That’s why the woman’s forum five years ago started its annual holiday home tour and European tearoom. It is the club’s one big fundraiser. This year’s home tour is Dec. 6-9.

The club has asked a historian to lead the tours this year, and it is a magnificent house. Enormous marble pillars at the front of the building were so large and unwieldy that workers had to build a cart specifically to haul them from the railroad during construction.

The home has most of its original details such as mother-of-pearl inlays in the leaded windows. All but one of the light fixtures is original. Even though Dallas didn’t have citywide electricity at the time, this house had its own generators for lights. Most rooms on the ground floor are paneled entirely in oak, and the dining room in mahogany. An appraiser from Sotheby’s currently is working to determine whether a large stained-glass window above the grand staircase is Tiffany. A shower in one of two second-floor bathrooms is one of the first installed in Dallas, and it has six knobs to control water at six points on the body.
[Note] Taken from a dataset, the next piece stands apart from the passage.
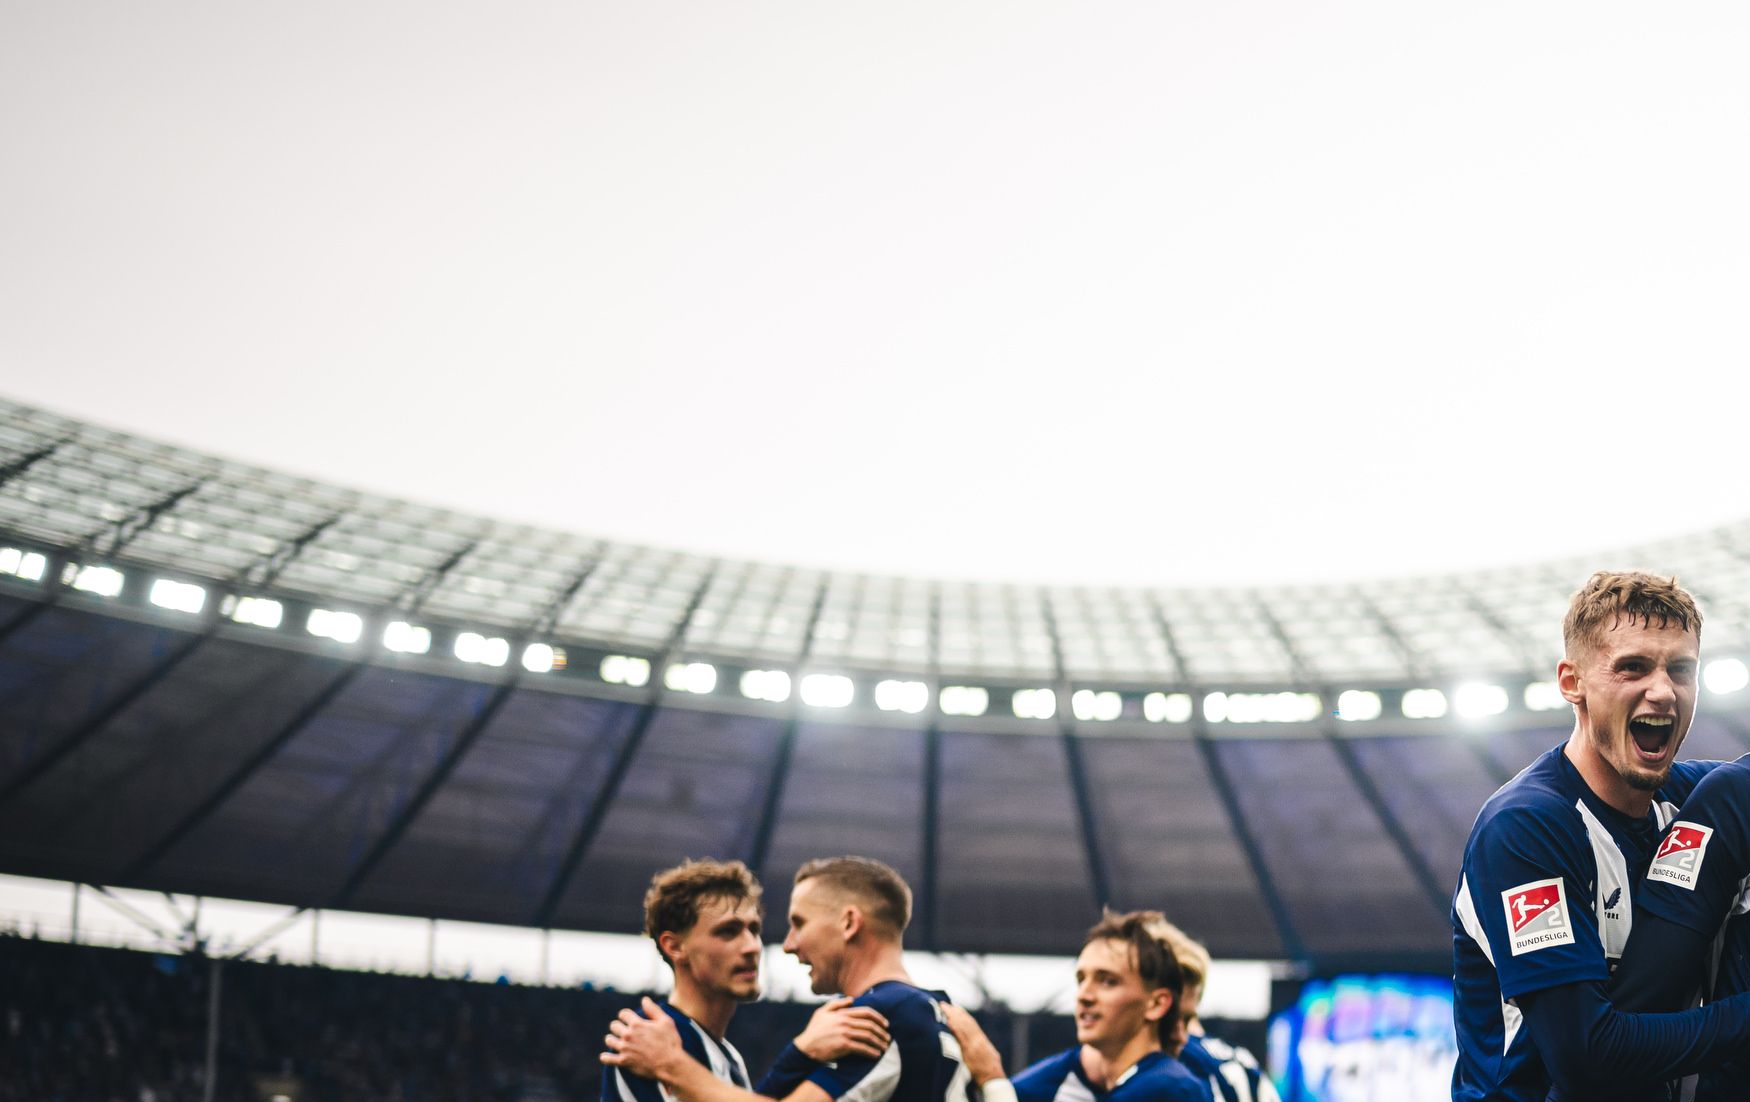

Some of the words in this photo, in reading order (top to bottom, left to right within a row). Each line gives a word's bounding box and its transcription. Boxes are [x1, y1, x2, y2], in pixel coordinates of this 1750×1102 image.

[1679, 849, 1695, 869] 2
[1651, 867, 1691, 884] BUNDESLIGA
[1546, 906, 1563, 926] 2
[1516, 931, 1569, 949] BUNDESLIGA
The home’s original owner, C.H. Alexander, ran C.H. Alexander’s Dallas Ice Factory in Old East Dallas, and he had a huge icebox installed in the kitchen. The icebox is accessible from outdoors so that ice trucks could pull up and deliver ice without bothering the staff. In the Dallas summers, Alexander had mounds of ice delivered to the mansion’s front lawn so that his six children could play in it.

The women of the forum decorate the house for Christmas themselves, and each room has its own theme. The main dining room, for example, is decorated all in Tiffany blue and white. For the European tearoom, Dec. 12-21 this year, the women of the forum loan their personal china, crystal and silver. Each table is laid out with its own settings, so no two are the same.

“We’ve noticed a lot of the same mothers and daughters every year, so they’re starting to make it a tradition,” says club member Sharon Cooper.

The forum was founded in 1906, and its early rolls are a who’s who of “firsts” among Dallas women, including Leonora Kirk Hall, the first woman elected to the Dallas school board. One of the founders, Mrs. E.P. Turner, in 1921 founded the organization that would become the Dallas League of Women Voters. The women of the forum organized their first fundraiser to help victims of the great San Francisco earthquake of 1906.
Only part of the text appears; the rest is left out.